» **WHAT THE EXERCISE ASKS**
The answer should match the entries that follow exactly, except that no image appears in it.

(EXCERPTED DATA Opens)

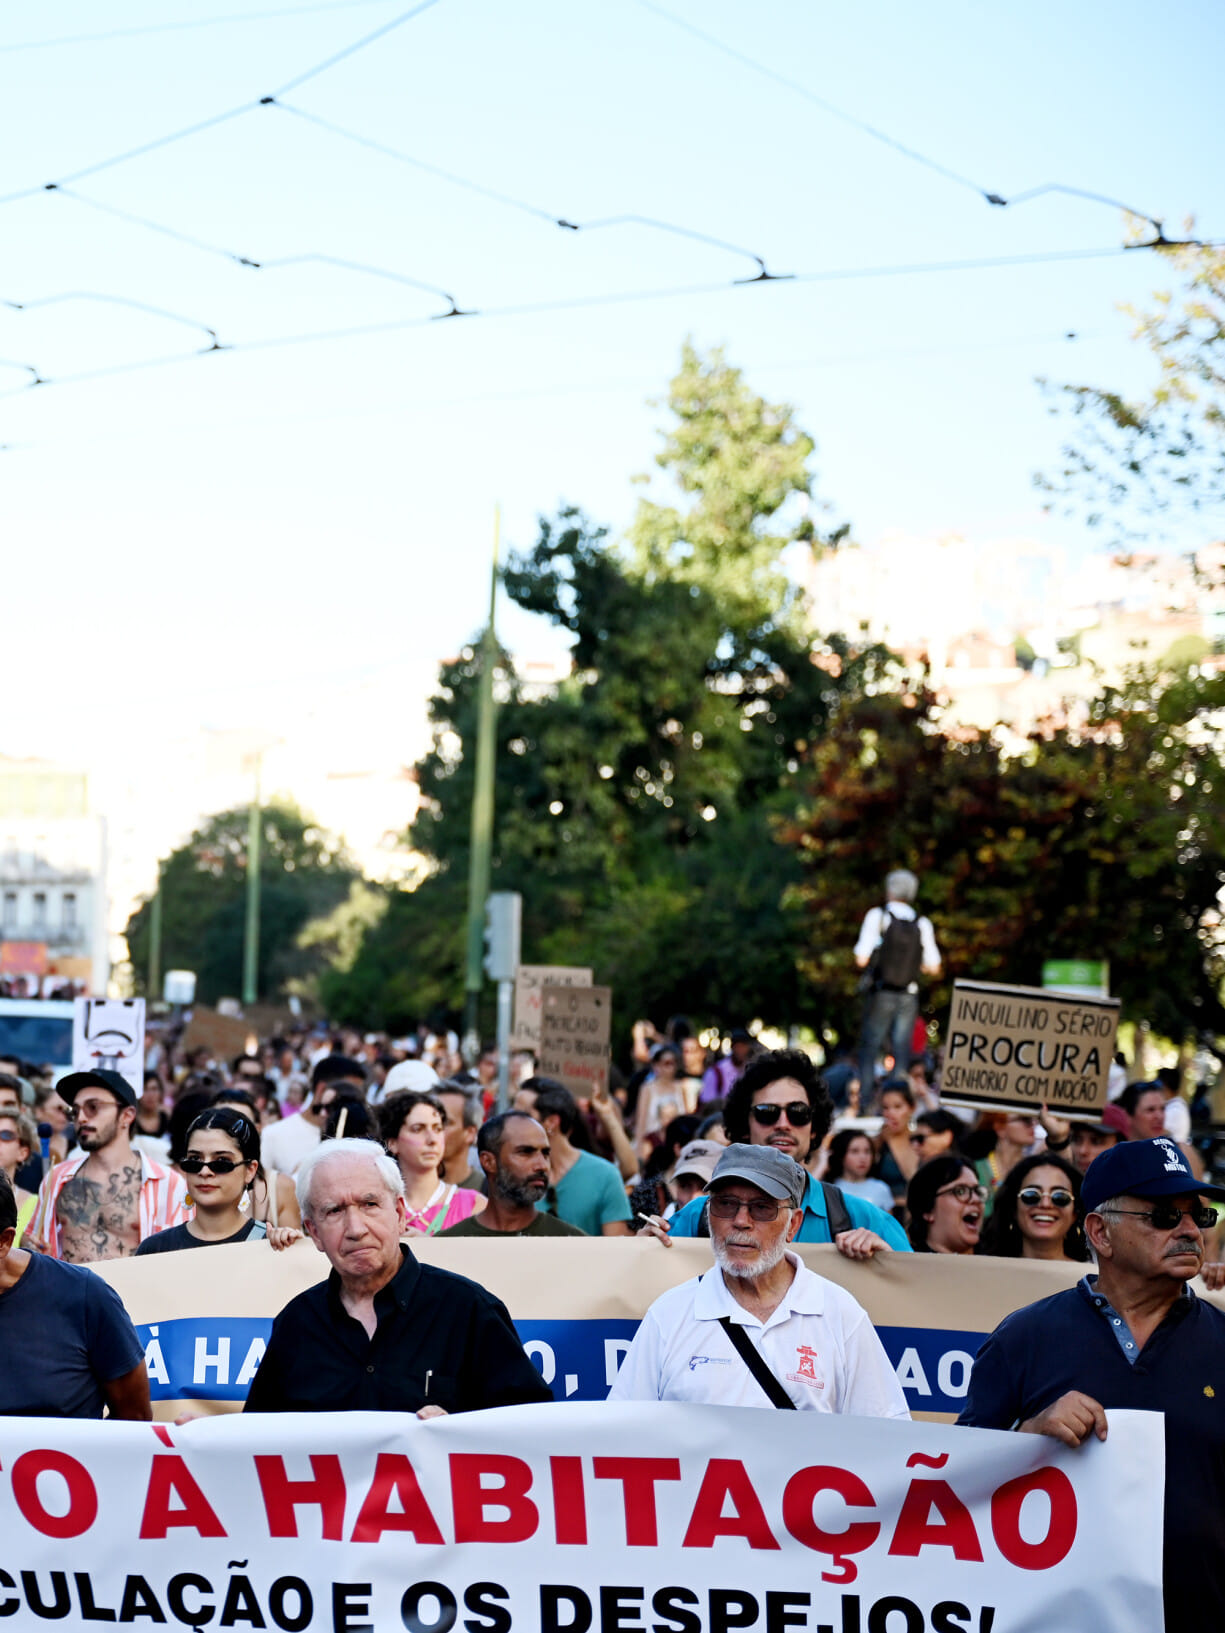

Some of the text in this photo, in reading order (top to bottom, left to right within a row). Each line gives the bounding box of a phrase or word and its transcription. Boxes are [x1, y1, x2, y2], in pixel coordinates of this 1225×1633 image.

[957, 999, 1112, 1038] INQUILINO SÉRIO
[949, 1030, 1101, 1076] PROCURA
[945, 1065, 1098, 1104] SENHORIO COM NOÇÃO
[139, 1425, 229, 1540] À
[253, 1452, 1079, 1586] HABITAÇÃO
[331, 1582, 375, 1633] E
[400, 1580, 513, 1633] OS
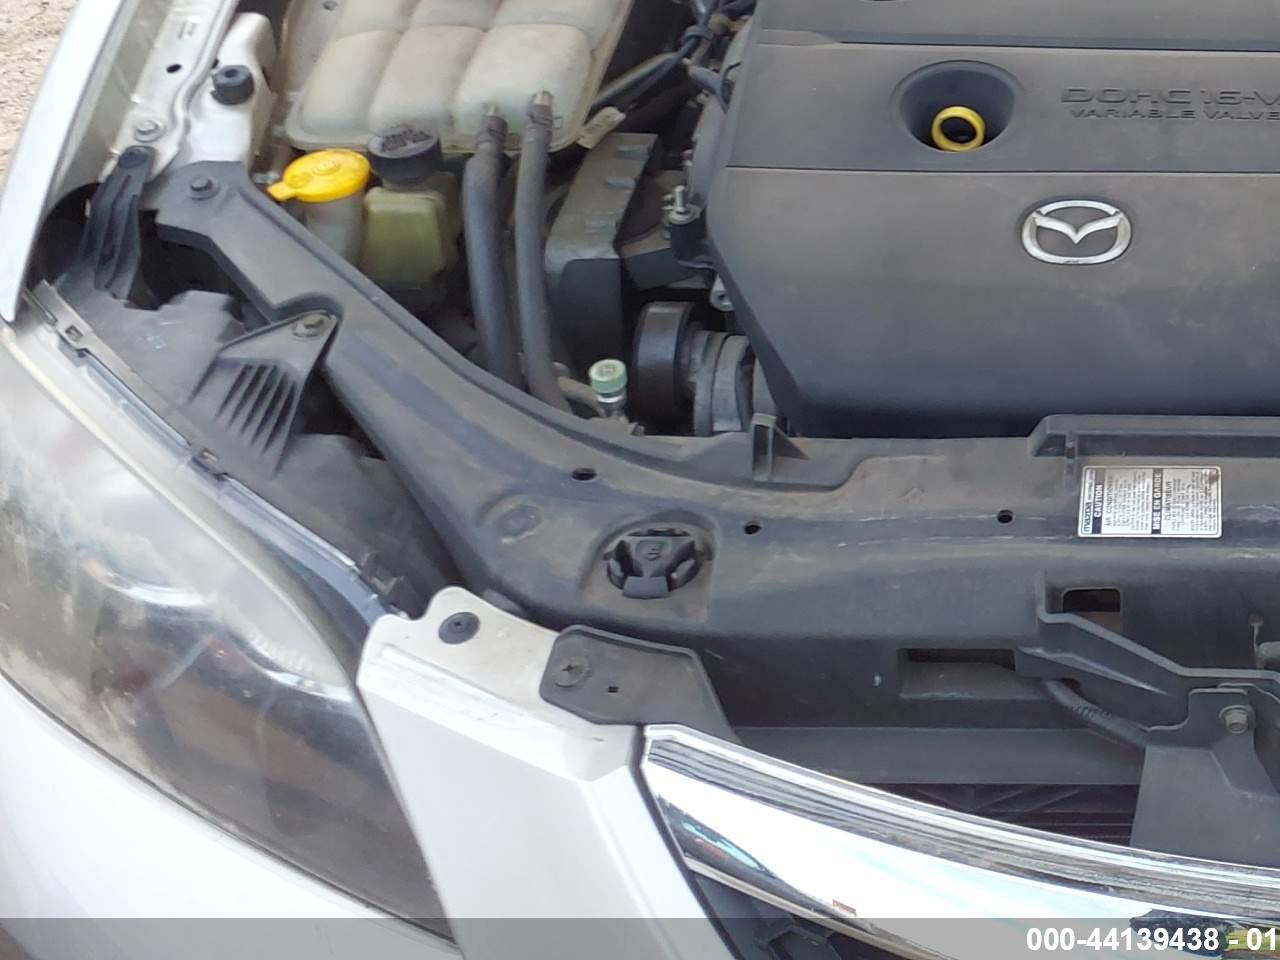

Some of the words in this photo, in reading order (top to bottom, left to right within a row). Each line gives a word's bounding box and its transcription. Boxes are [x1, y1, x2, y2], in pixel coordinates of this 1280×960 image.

(EXCERPTED DATA Closes)

» **FINISHED TASK**
Some of the text in this photo, in reading order (top to bottom, left to right within a row). Each line gives the bounding box of a phrase or word and its transcription. Boxes are [x1, y1, x2, y2], in pixel coordinates of this 1225×1633 image.

[957, 999, 1112, 1038] INQUILINO SÉRIO
[949, 1030, 1101, 1076] PROCURA
[945, 1065, 1098, 1104] SENHORIO COM NOÇÃO
[139, 1425, 229, 1540] À
[253, 1452, 1079, 1586] HABITAÇÃO
[331, 1582, 375, 1633] E
[400, 1580, 513, 1633] OS

Some of the words in this photo, in reading order (top to bottom, left to right within a row). Each line gives a word's bounding box and its transcription. Boxes are [x1, y1, x2, y2], in pixel coordinates of this 1280×960 image.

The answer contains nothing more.